Recidivism among psych patients, or for that matter those trying to eat less to lose weight or otherwise change their own behavior, is very high, and I don't know of anything that has a magic-bullet effect on reducing negative defenses / symptoms from emotional damage.
Alcoholics Anonymous is probably among the more effective approaches and even here, opinions, information, and study results are all over the map. But the format of people with a common problem coming together supportively with the same goal of changing a particular behavior problem is sound, I believe, either as a stand-alone approach or an adjunct to something else. Church is a similar example, which has of course been around far longer than AA. Such approaches don't work magic (they can't remove the trauma driving unhealthy behavior) but they CAN help, to one extent or another, millions of people to remove or at least lower the amount of unhealthy behavior they express and thus improve their lives.
These are all good points. I certainly don't think it's going to be easy. But I'm honed in on one simple concept at the moment. All these people feel unworthy, lacking a purpose in life, so they seek ways to escape these existential feelings.
Escapism from reality....put as simply as possible.
They need to re-engage with what's here and now, not with what was or what might be.
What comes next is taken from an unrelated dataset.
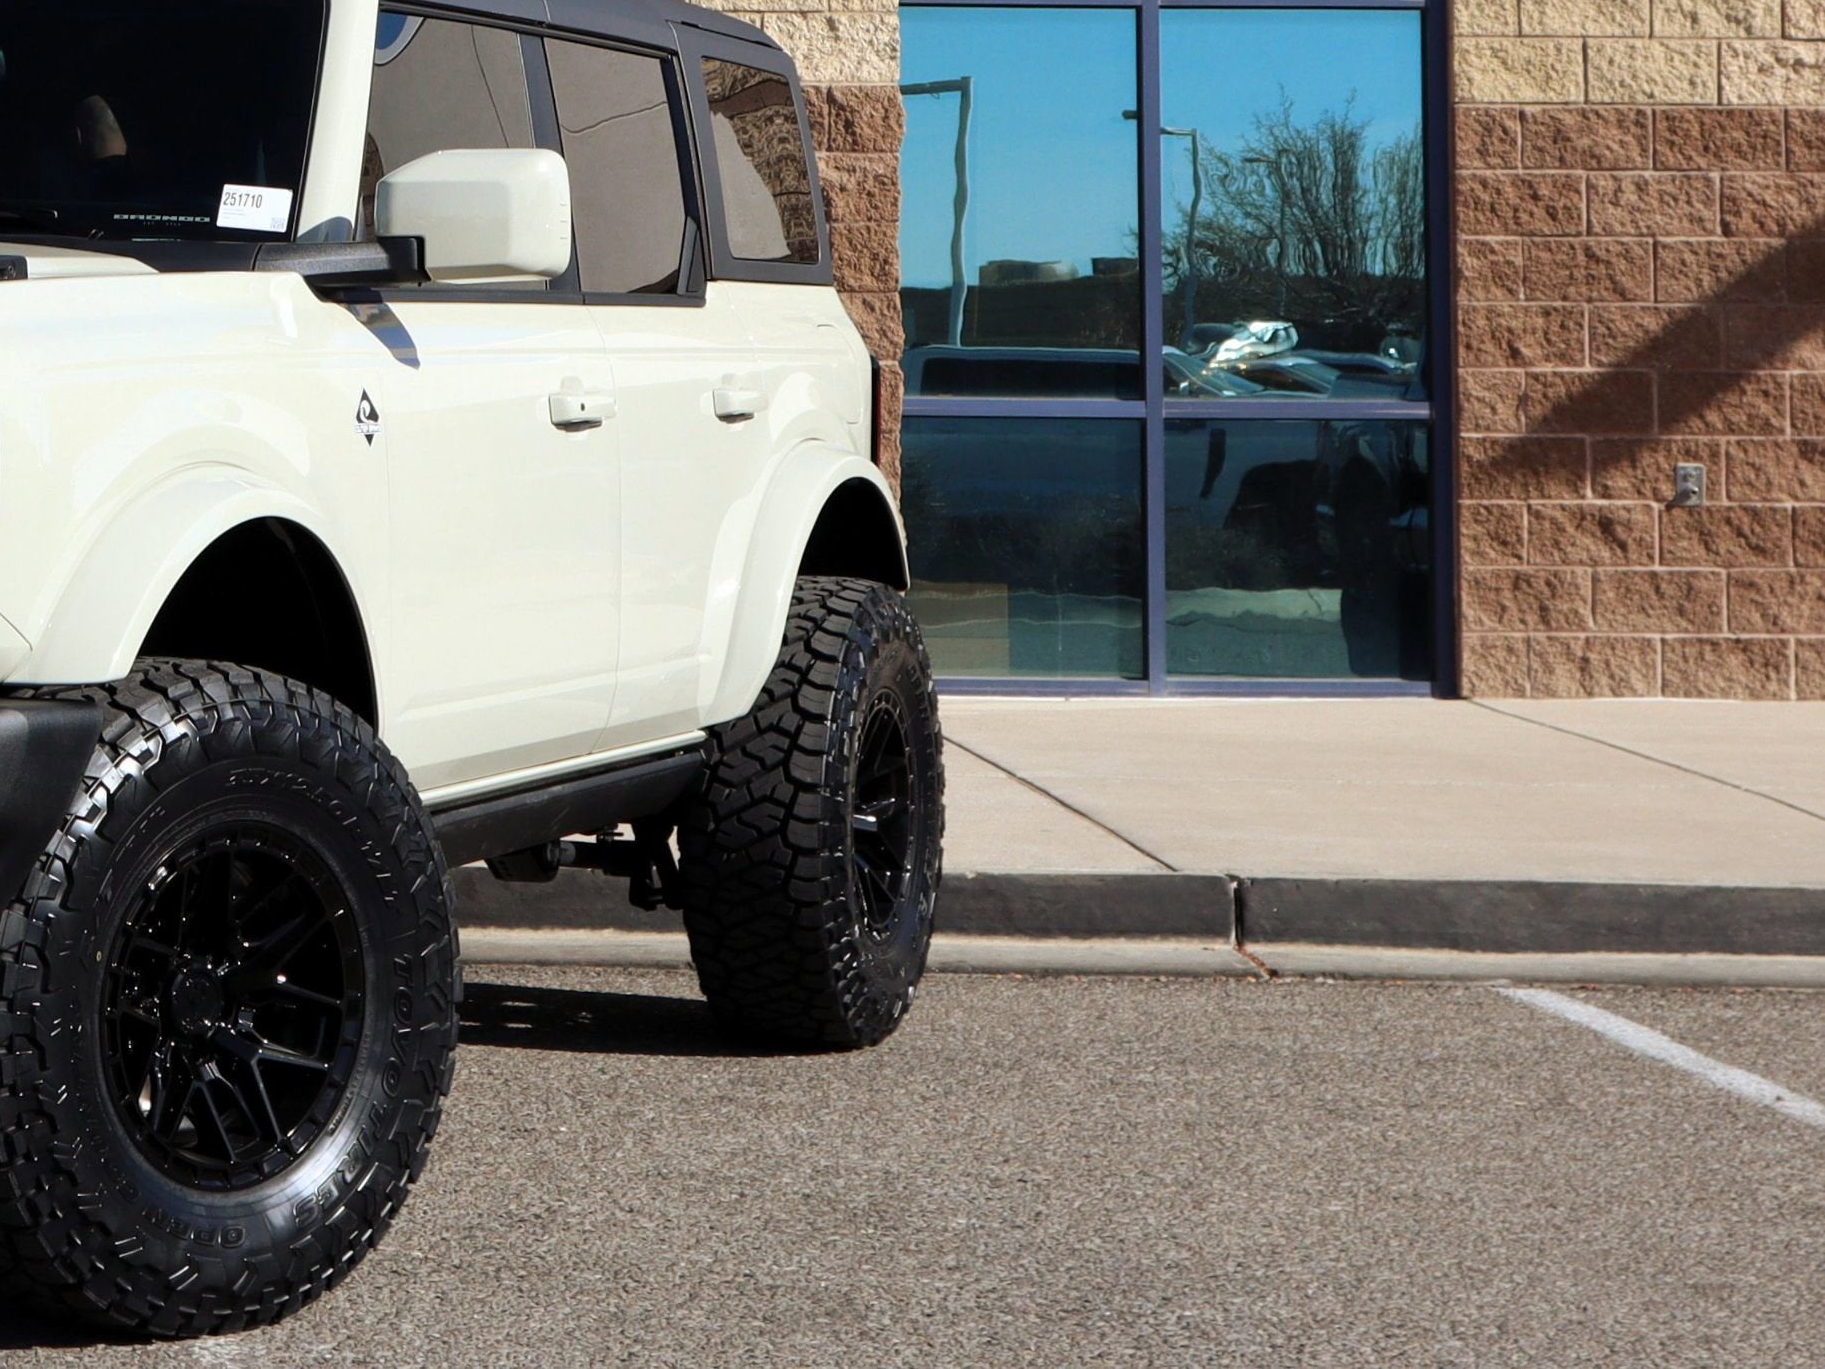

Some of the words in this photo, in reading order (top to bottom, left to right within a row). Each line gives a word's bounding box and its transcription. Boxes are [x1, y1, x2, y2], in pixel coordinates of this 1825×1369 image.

[223, 192, 263, 209] 251710
[381, 952, 414, 1099] TOYO
[292, 1100, 389, 1228] TIRES
This would include processing and INTEGRATING traumas, which isn't easy I understand. But failure to do so leads to further degradation, further DIS-INTEGRATION, further fragmentation of the mind (neuroses, psychoses).
So there are really only two choices. To integrate or to continue to disintegrate.
I'm just trying to get my mind wrapped around the ESSENCE at this stage. But I'm interested in your take on where I'm at thus far. I realize major, serious trauma is a difficult situation, no matter what. I don't think there's any "quick fix" other than facing it head-on, which many are not ready to do.
P.S. BTW, I think psychiatry and popular psychology are mistaken about a great many things. Not to say this sort of counseling doesn't work out for some people. But my hunch is, for those where traditional counseling, or AA or other mainstream approaches actually worked out well, it was the individual who ultimately had to make the choice of integration over continued disintegration. Just an early hunch. I could be wrong.
Yes, absolutely. I'll have more to say about your overall comment later, when I have a bigger chunk of time to work with.